L'association Sikh Coalition basée à New York a appelé à une veillée mercredi soir dans tout le pays en mémoire des victimes.
"Le plus effrayant, c'est que ça s'est passé dans un gurdwara (temple, ndlr). Cela prend une autre dimension", affirme à l'AFP Amanjot Sidhu, 24 ans, étudiant en médecine dentaire à New York.
M. Sidhu a accompagné son père, Balwinder Sidhu, dans un temple du quartier sikh de Richmond Hill à New York, dans la banlieue de Queens.
Des femmes vêtues de robes couleur pastel psalmodient dans la grande salle, pendant que des équipes de bénévoles dans la cantine servent aux fidèles, assis sur des tapis, du thé épicé et d'appétissants plats traditionnels.
Les discussions tournent vite autour du carnage de dimanche. Bien qu'issus d'une culture différente, les sikhs disent subir la même intolérance que les musulmans américains, notamment depuis le 11-Septembre et la guerre en Afghanistan contre les talibans, qui portent eux aussi un turban.
"Les gens ne comprennent pas qui nous sommes. Ils pensent que nous sommes musulmans ou talibans. Nous ne sommes ni l'un ni l'autre", rappelle Balwinder Sidhu, 57 ans, chauffeur de taxi à la retraite.
"Cela tient beaucoup à l'ignorance. Les gens pensent que comme on a des turbans on doit être islamiste", ajoute sa fille. "Alors que ça prend deux secondes sur internet" pour faire la différence.
Les enfants ont peint dans le temple des affiches qui montrent les cinq "K", les signes religieux portés par les sikhs, comme le "kara", le bracelet qui symbolise le courage, ou le "kesh", les cheveux non coupés enveloppés par le turban.
Singhara Singh, chauffeur de taxi, se souvient que les sikhs avaient déjà été pris pour cible en 1979, lors de la prise d'otages américains en Iran, un pays où les religieux portent également barbe et turban.

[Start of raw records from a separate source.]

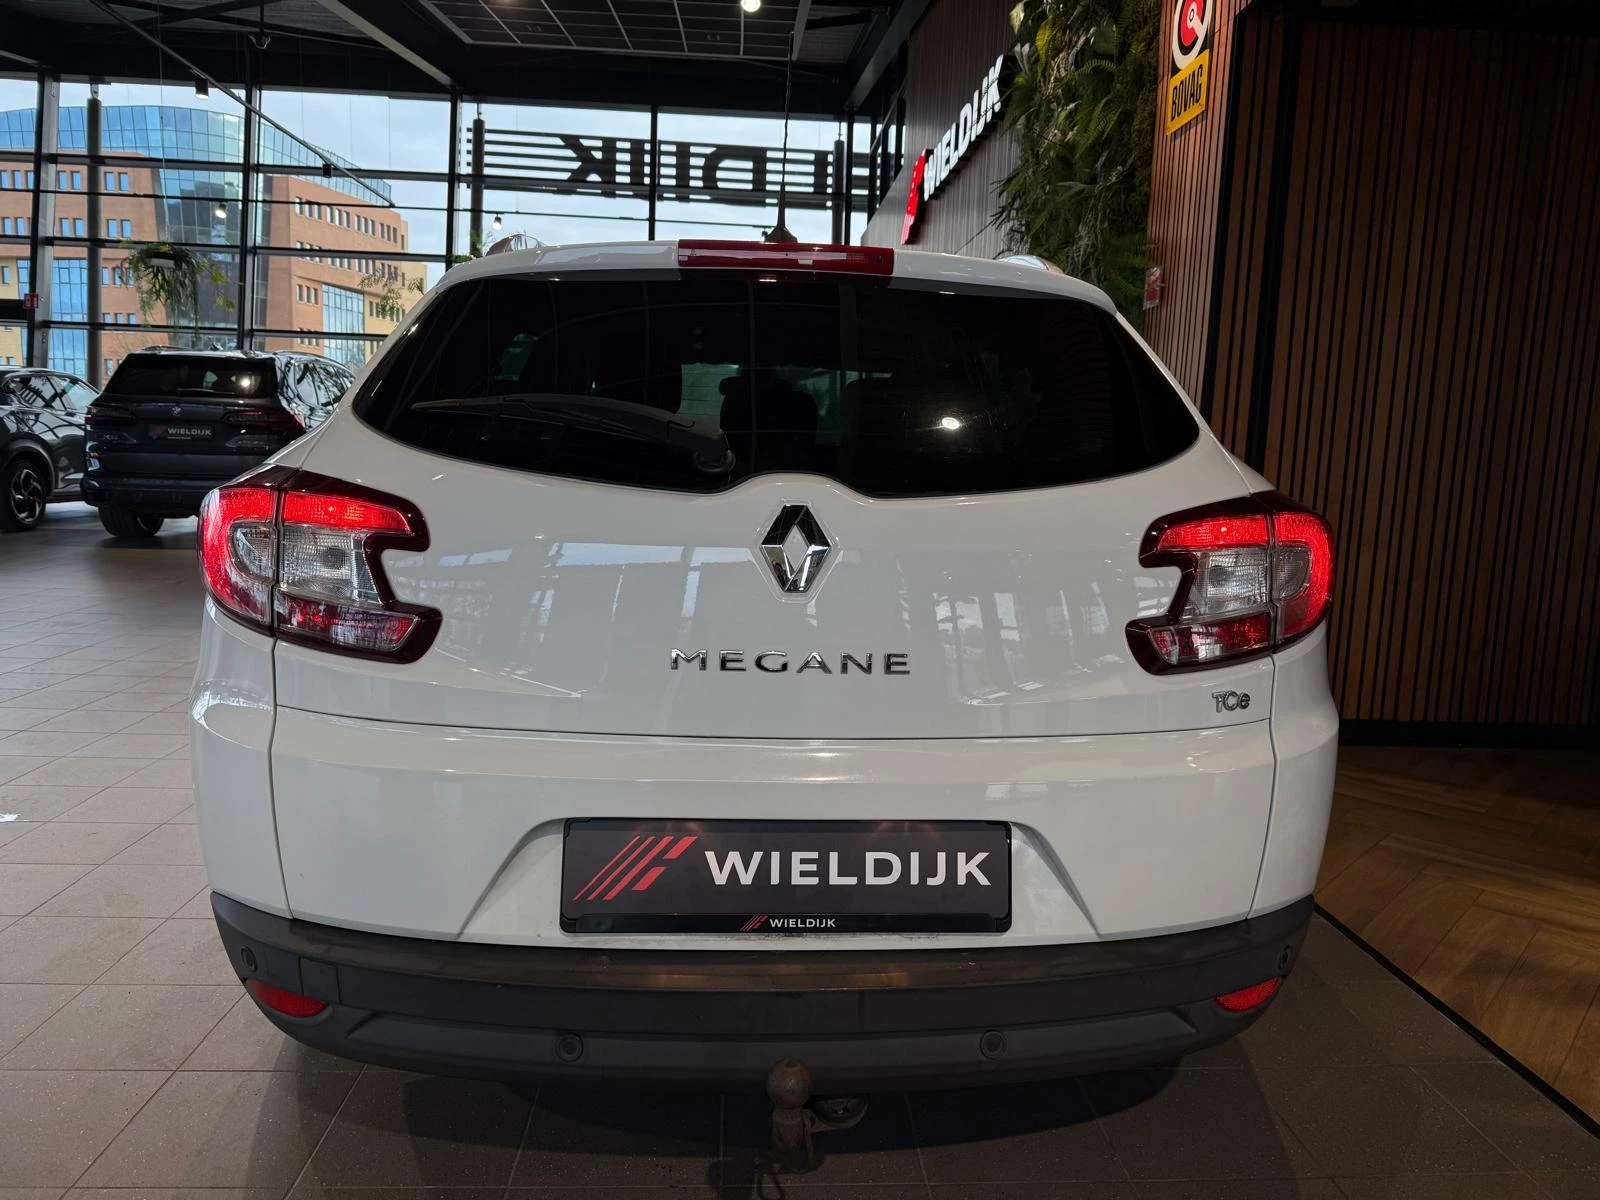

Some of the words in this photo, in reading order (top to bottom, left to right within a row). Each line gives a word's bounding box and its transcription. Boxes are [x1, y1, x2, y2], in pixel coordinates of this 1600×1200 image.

[1171, 64, 1203, 121] BOVAG
[924, 54, 1002, 201] WIELDIJK
[671, 648, 910, 674] MEGANE
[1212, 690, 1250, 712] TCe
[704, 851, 992, 886] WIELDIJK
[769, 918, 836, 928] WIELDIJK
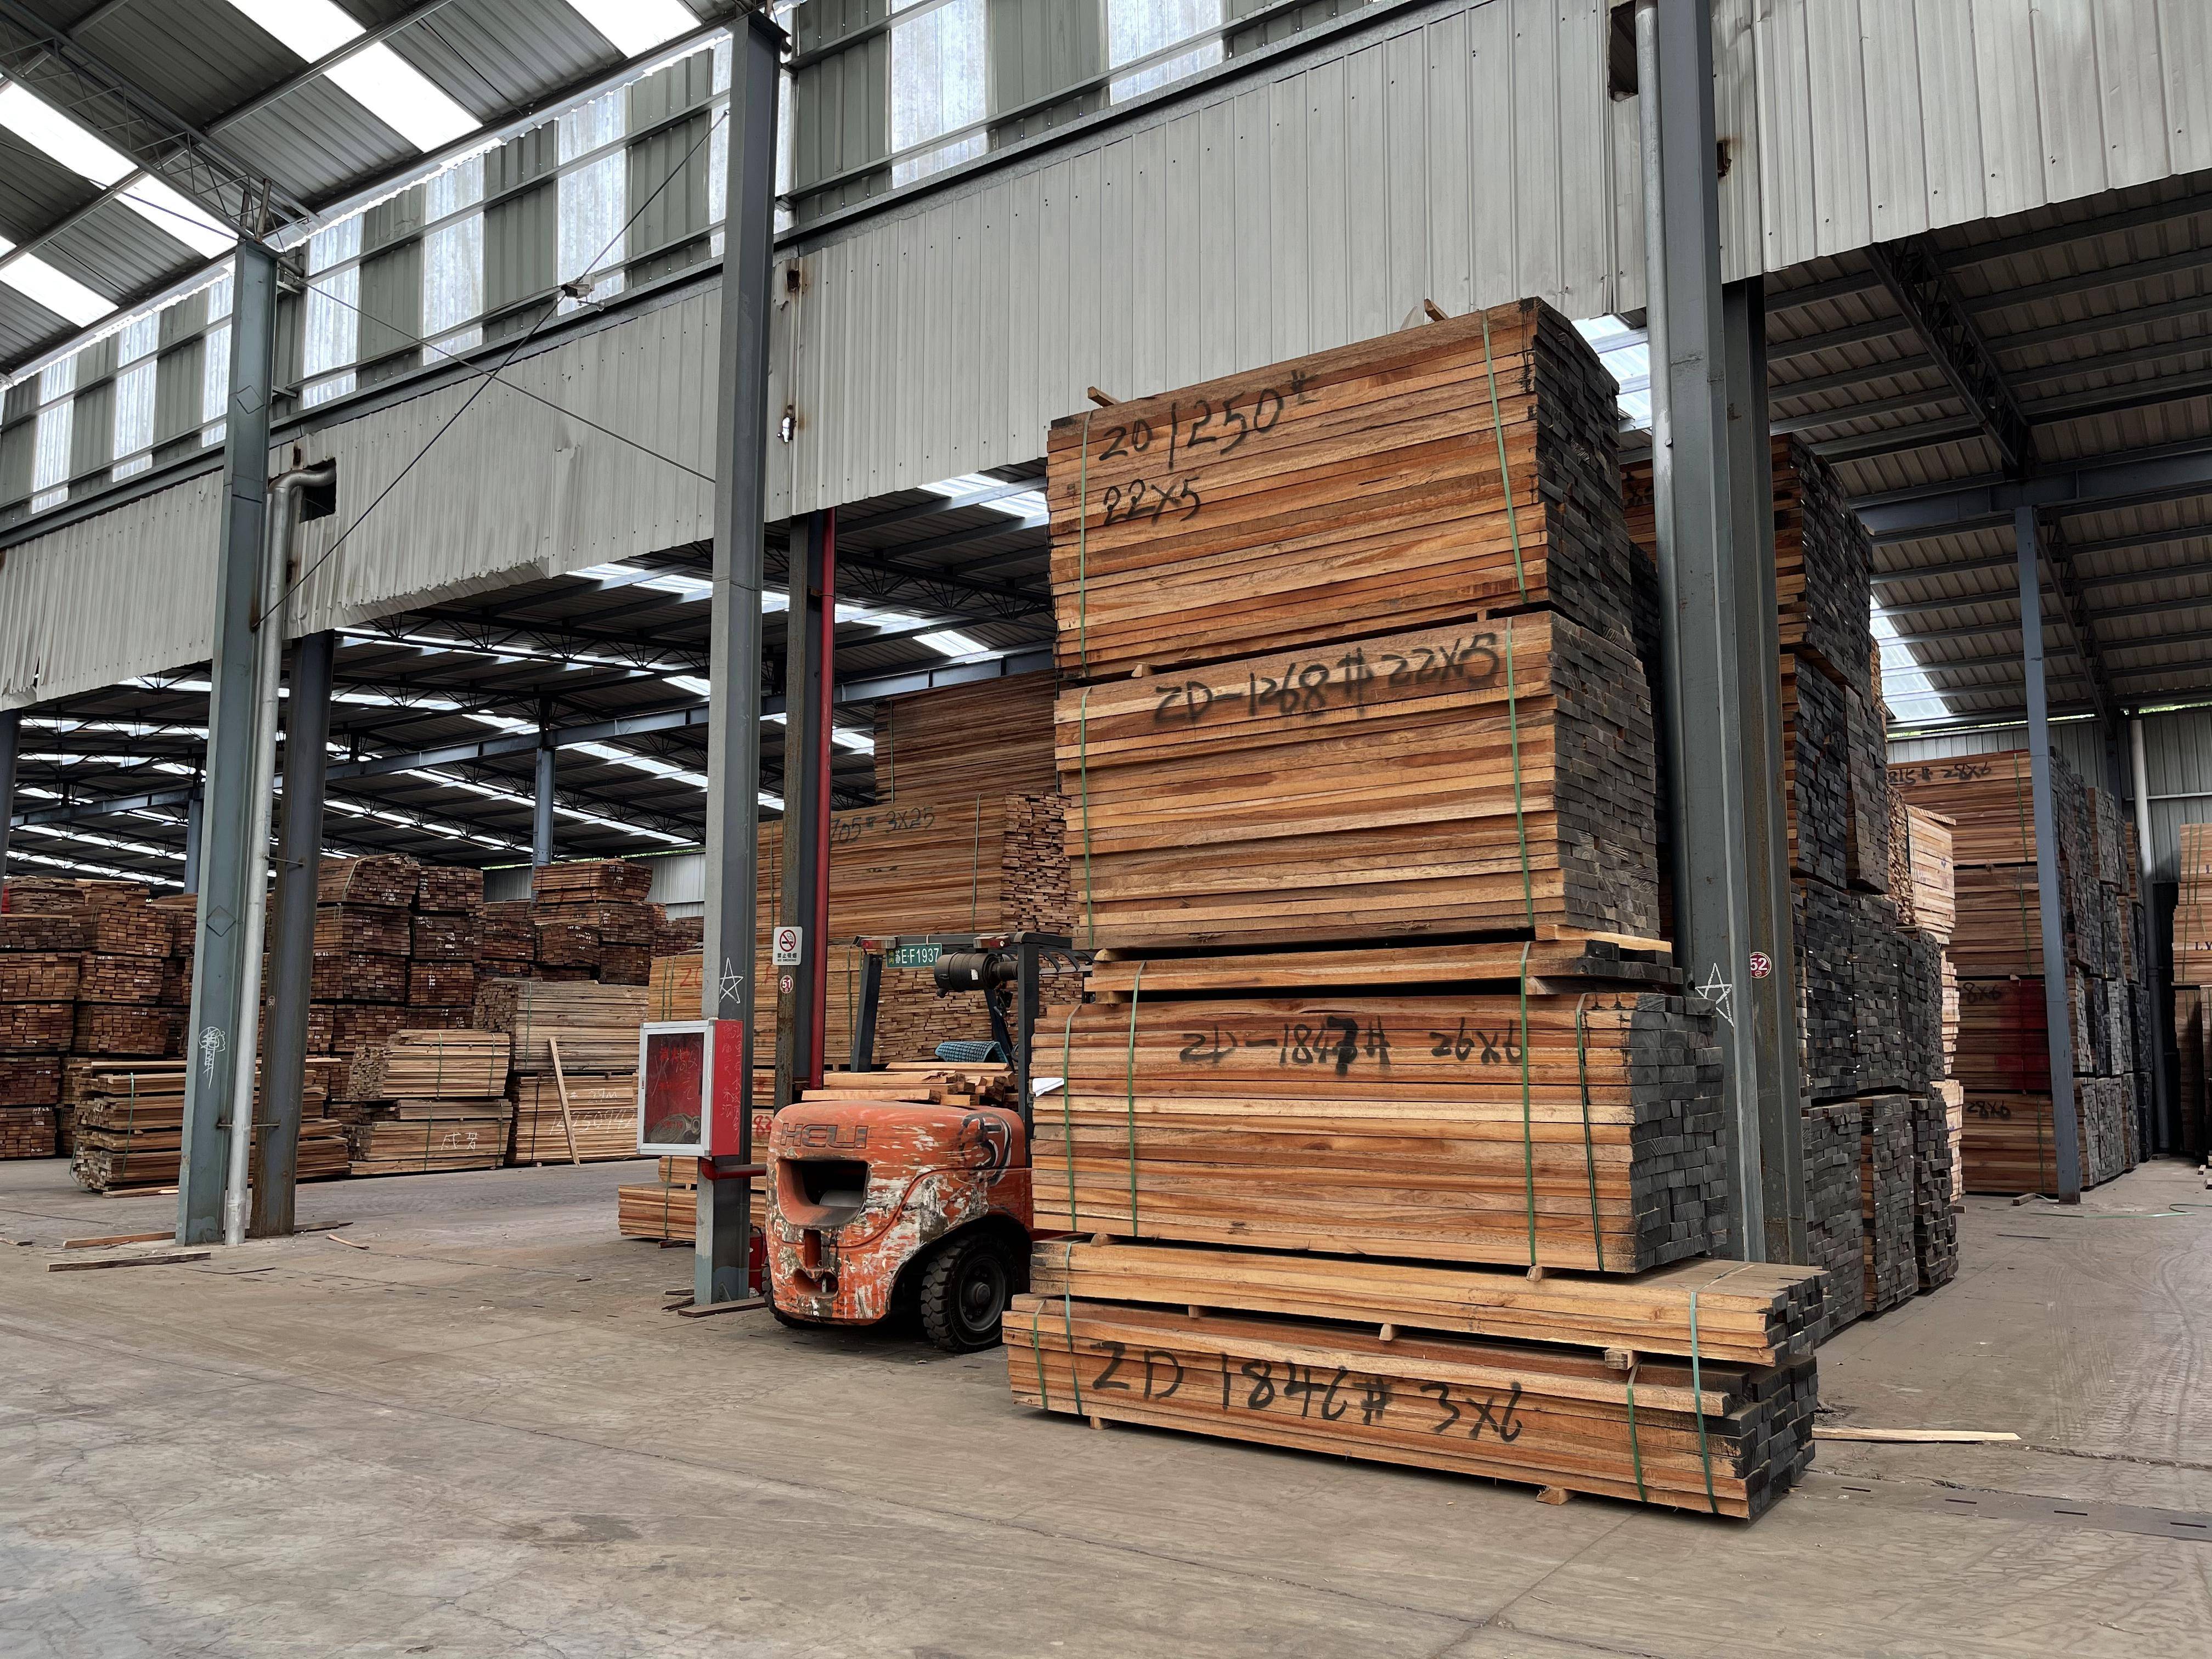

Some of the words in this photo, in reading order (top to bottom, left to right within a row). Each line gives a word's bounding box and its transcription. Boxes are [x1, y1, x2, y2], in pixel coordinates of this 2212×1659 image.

[1750, 957, 1768, 971] 52
[782, 979, 791, 989] 51
[780, 1122, 869, 1149] HELI
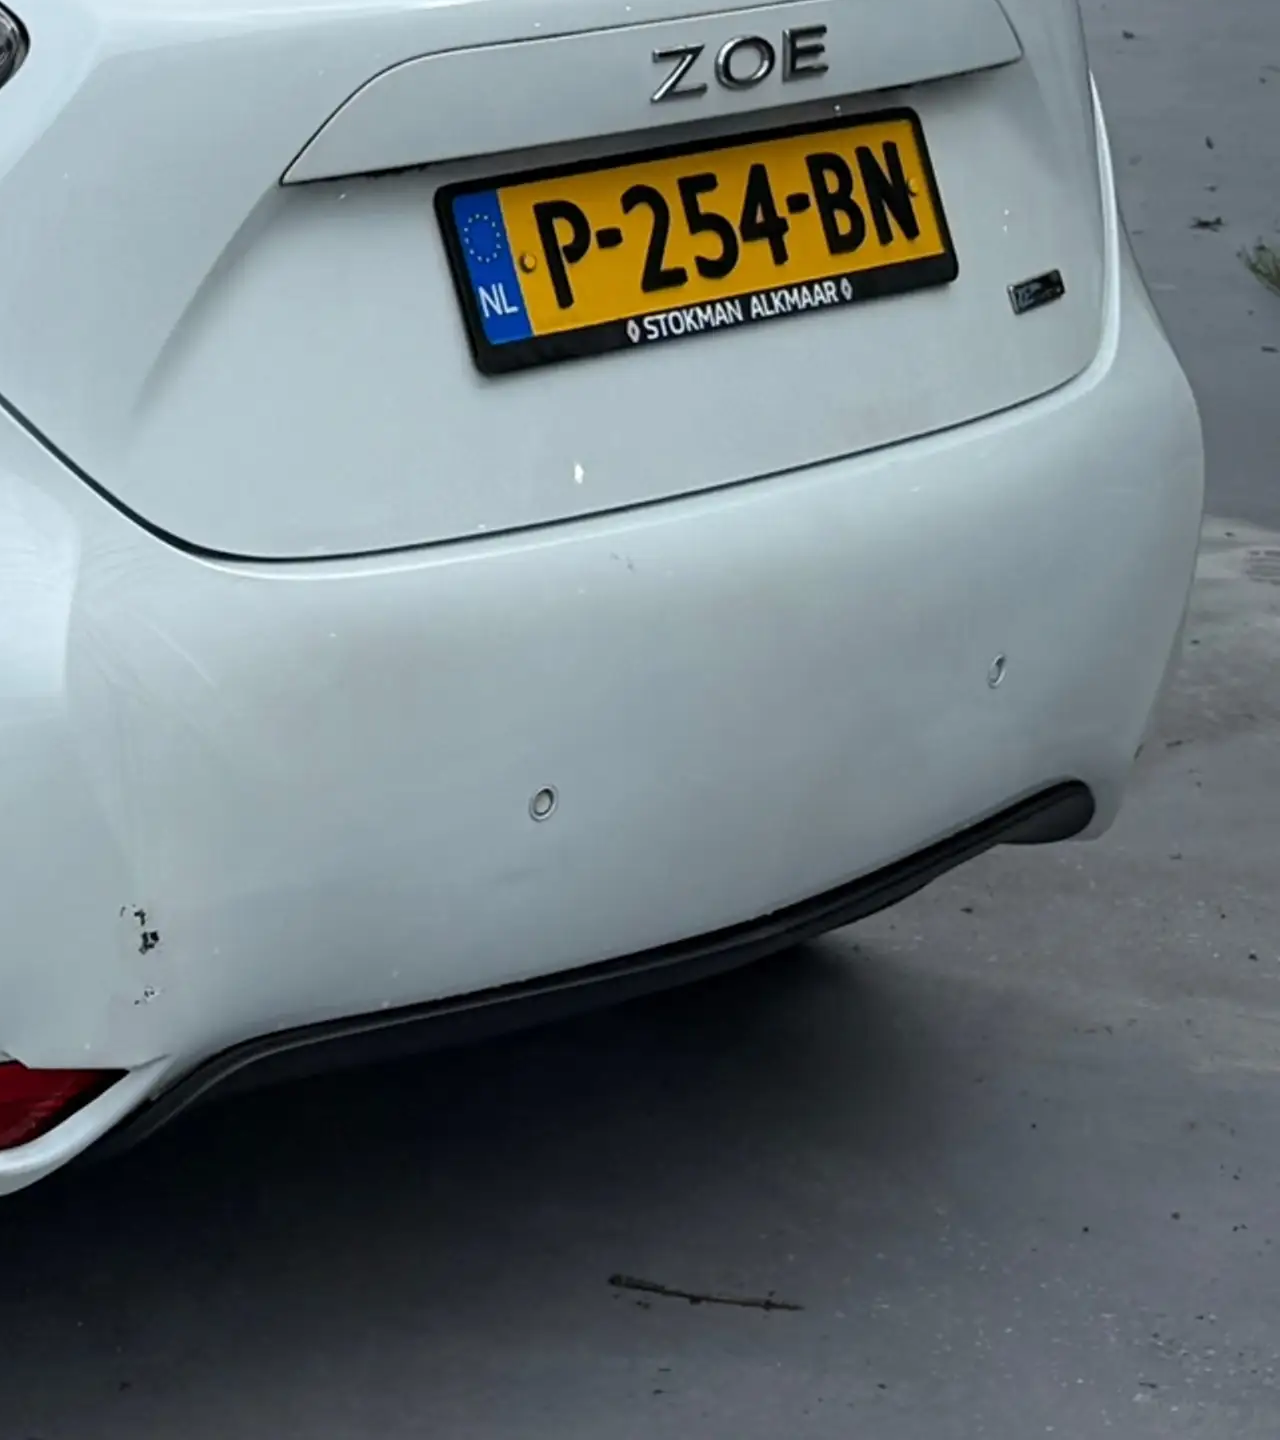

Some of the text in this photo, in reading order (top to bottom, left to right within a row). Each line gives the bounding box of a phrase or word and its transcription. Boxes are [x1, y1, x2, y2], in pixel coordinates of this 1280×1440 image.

[650, 24, 829, 103] ZOE
[533, 141, 920, 309] P-254-BN
[478, 283, 519, 319] NL
[643, 281, 839, 341] STOKMAN ALKMAAR

"Les gens entraient dans le taxi et en ressortaient" quand ils voyaient le conducteur, témoigne-t-il.
Les sikhs aux Etats-Unis sont ainsi associés aux conflits du Proche-Orient alors que leur religion vient de la région du Pendjab, dans le nord de l'Inde.
Ils ont certes une longue tradition guerrière, mais leurs temples sont des lieux très accessibles conforme à une tradition d'accueil ancestrale.
Ce dont a pu profiter le tueur du Wisconsin, admet Amanjot Sidhu: "Personne ne faisait attention. Il n'y avait pas de gardiens et personne ne surveillait à l'entrée".
Au salon de coiffure près du temple, des clients compatissent avec leurs voisins sikhs. "Après le 11-Septembre, dix ou quinze personnes ont été agressées. Des gens sont venus ici pour se faire couper les cheveux et enlever leur turban parce qu'ils avaient peur", raconte Alex Kimygarov, immigré ouzbèque et client du salon.
Le patron du salon Hugo Revottaro, un immigré argentin, explique lui qu'il adore les sikhs, même s'ils ne lui apportent pas beaucoup de clients avec leurs longs cheveux. Selon lui, "la télévision devrait diffuser des émissions sur les religions parce que beaucoup de gens ne font pas de différence" entre elles.